## RECORDS:
********************

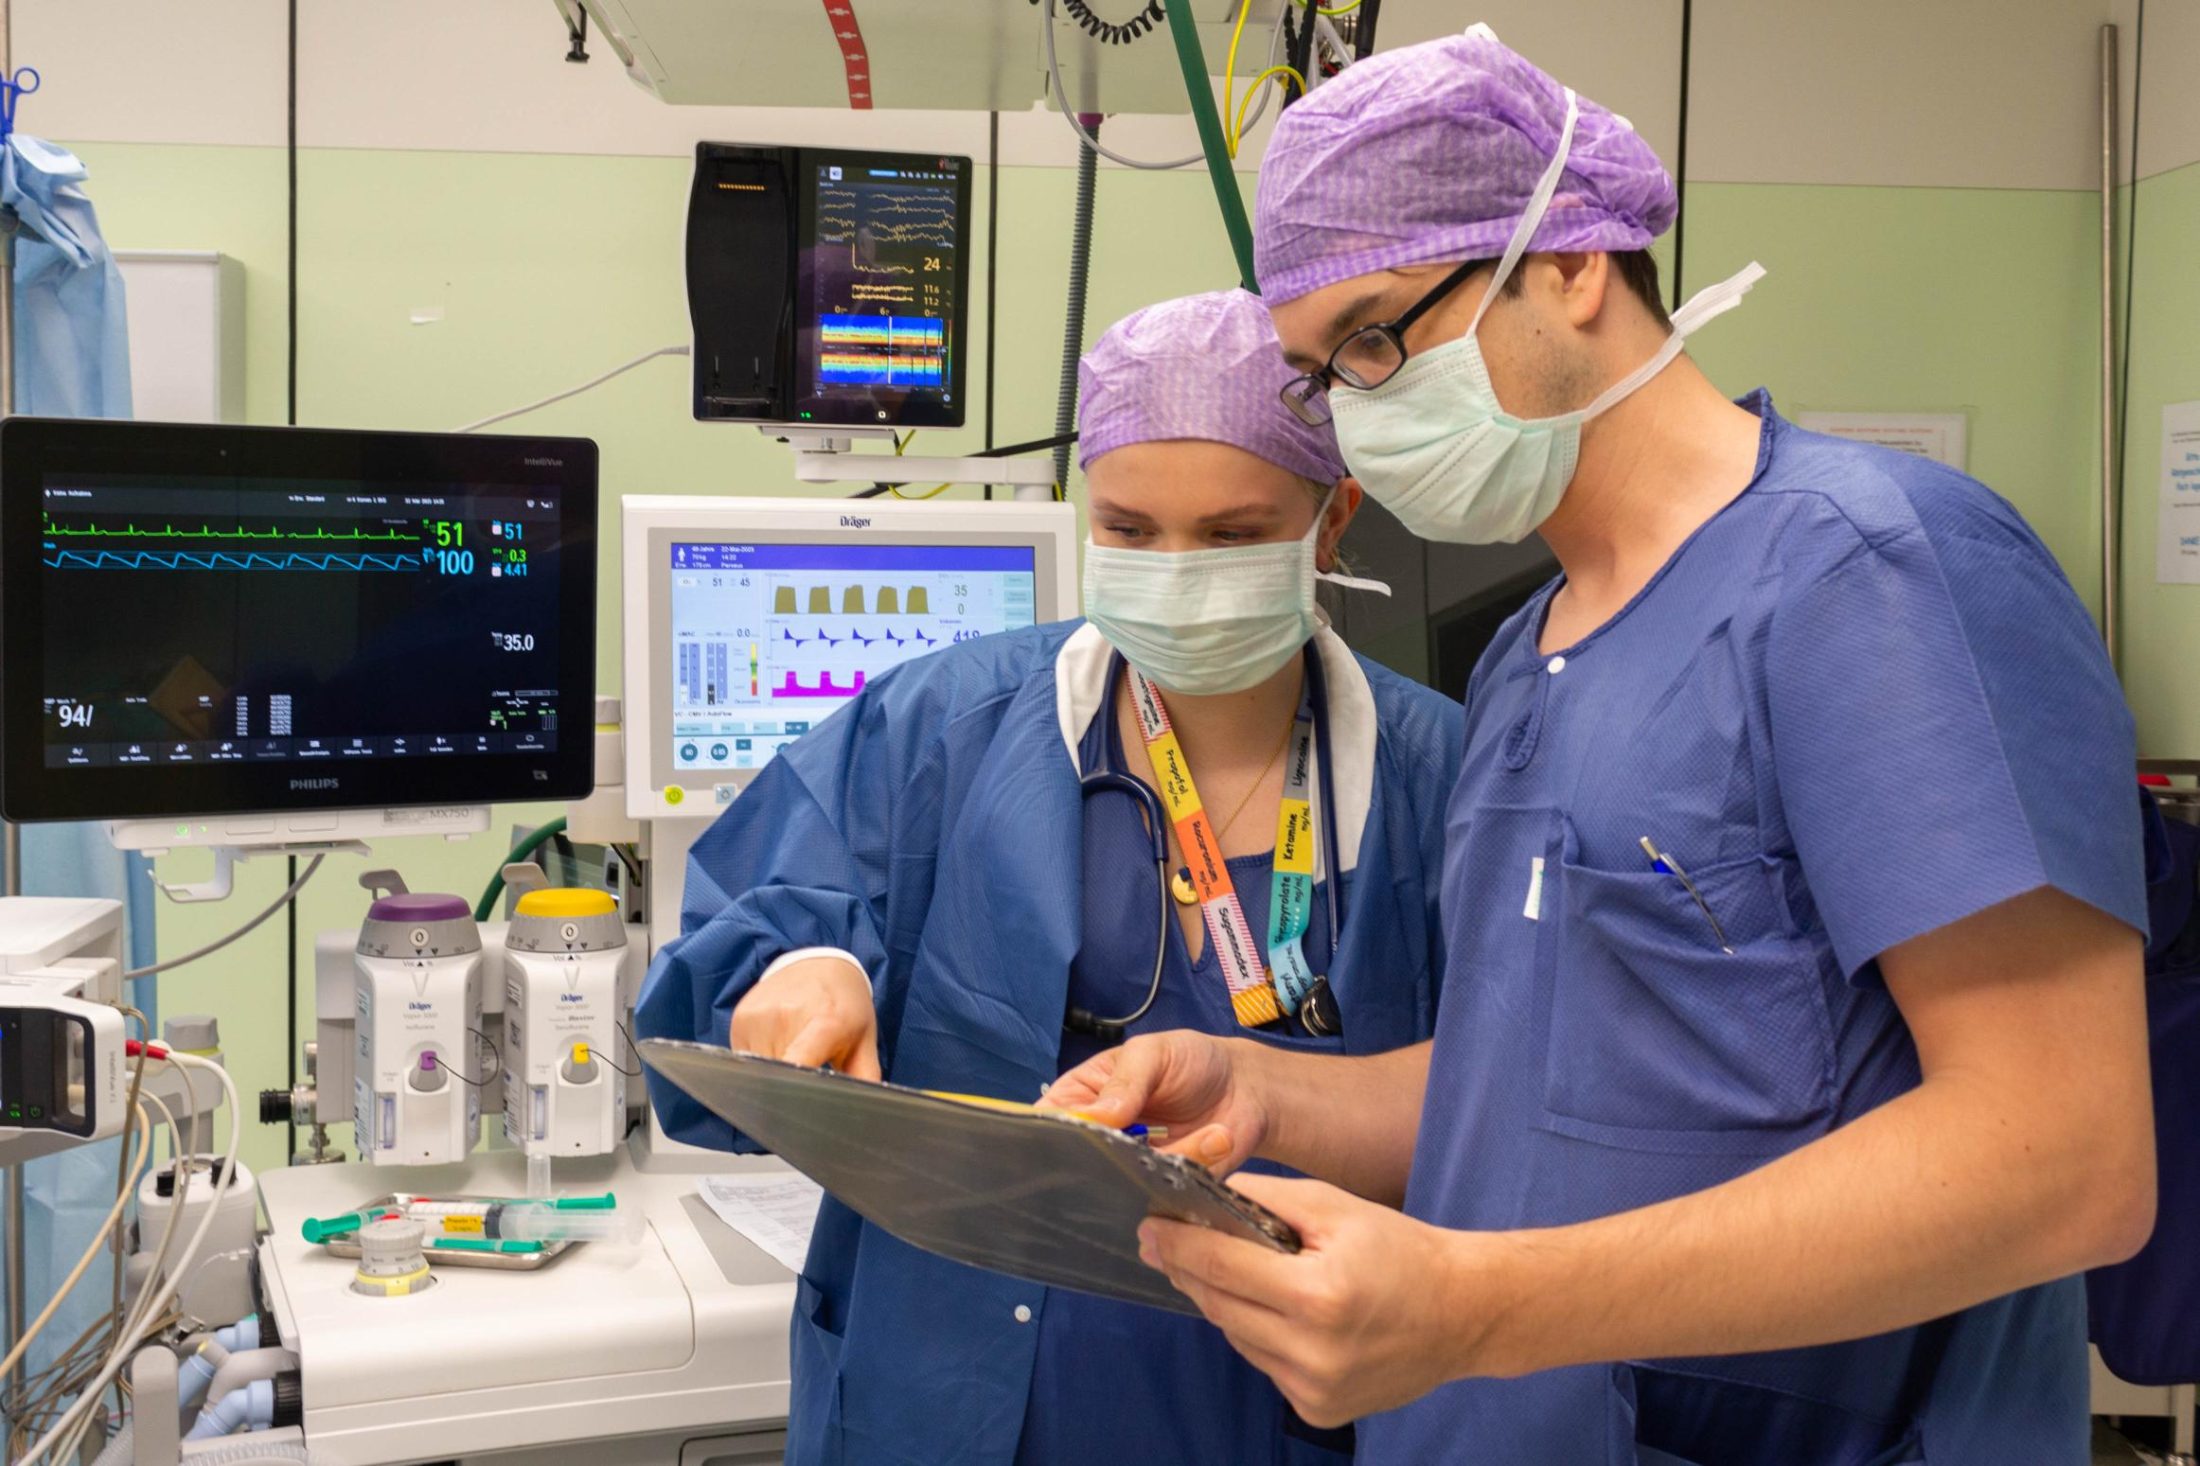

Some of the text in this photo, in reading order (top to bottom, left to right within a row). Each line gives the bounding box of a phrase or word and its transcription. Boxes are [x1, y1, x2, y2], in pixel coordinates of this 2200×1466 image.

[924, 257, 941, 271] 24
[840, 516, 871, 528] Dräger
[437, 522, 463, 546] 51
[505, 523, 523, 540] 51
[438, 550, 474, 575] 100
[509, 549, 527, 562] 0.3
[504, 563, 527, 577] 4.41
[712, 578, 722, 586] 51
[954, 585, 968, 597] 35
[958, 603, 965, 615] 0
[503, 634, 534, 651] 35.0
[59, 704, 93, 727] 94/
[1167, 749, 1188, 795] Propofol
[290, 778, 339, 790] PHILIPS
[1283, 814, 1298, 860] Ketamine
[1193, 821, 1218, 882] Rocuronium
[1219, 907, 1250, 980] Sugammadex
[561, 994, 583, 1002] Dräger
[409, 1002, 432, 1011] Dräger

********************

Copy out the entries verbatim, but skip every picture.

Some of the text in this photo, in reading order (top to bottom, left to right within a row). Each line gives the bounding box of a phrase or word and its transcription. Boxes are [x1, y1, x2, y2], in pixel coordinates of this 2200×1466 image.

[924, 257, 941, 271] 24
[840, 516, 871, 528] Dräger
[437, 522, 463, 546] 51
[505, 523, 523, 540] 51
[438, 550, 474, 575] 100
[509, 549, 527, 562] 0.3
[504, 563, 527, 577] 4.41
[712, 578, 722, 586] 51
[954, 585, 968, 597] 35
[958, 603, 965, 615] 0
[503, 634, 534, 651] 35.0
[59, 704, 93, 727] 94/
[1167, 749, 1188, 795] Propofol
[290, 778, 339, 790] PHILIPS
[1283, 814, 1298, 860] Ketamine
[1193, 821, 1218, 882] Rocuronium
[1219, 907, 1250, 980] Sugammadex
[561, 994, 583, 1002] Dräger
[409, 1002, 432, 1011] Dräger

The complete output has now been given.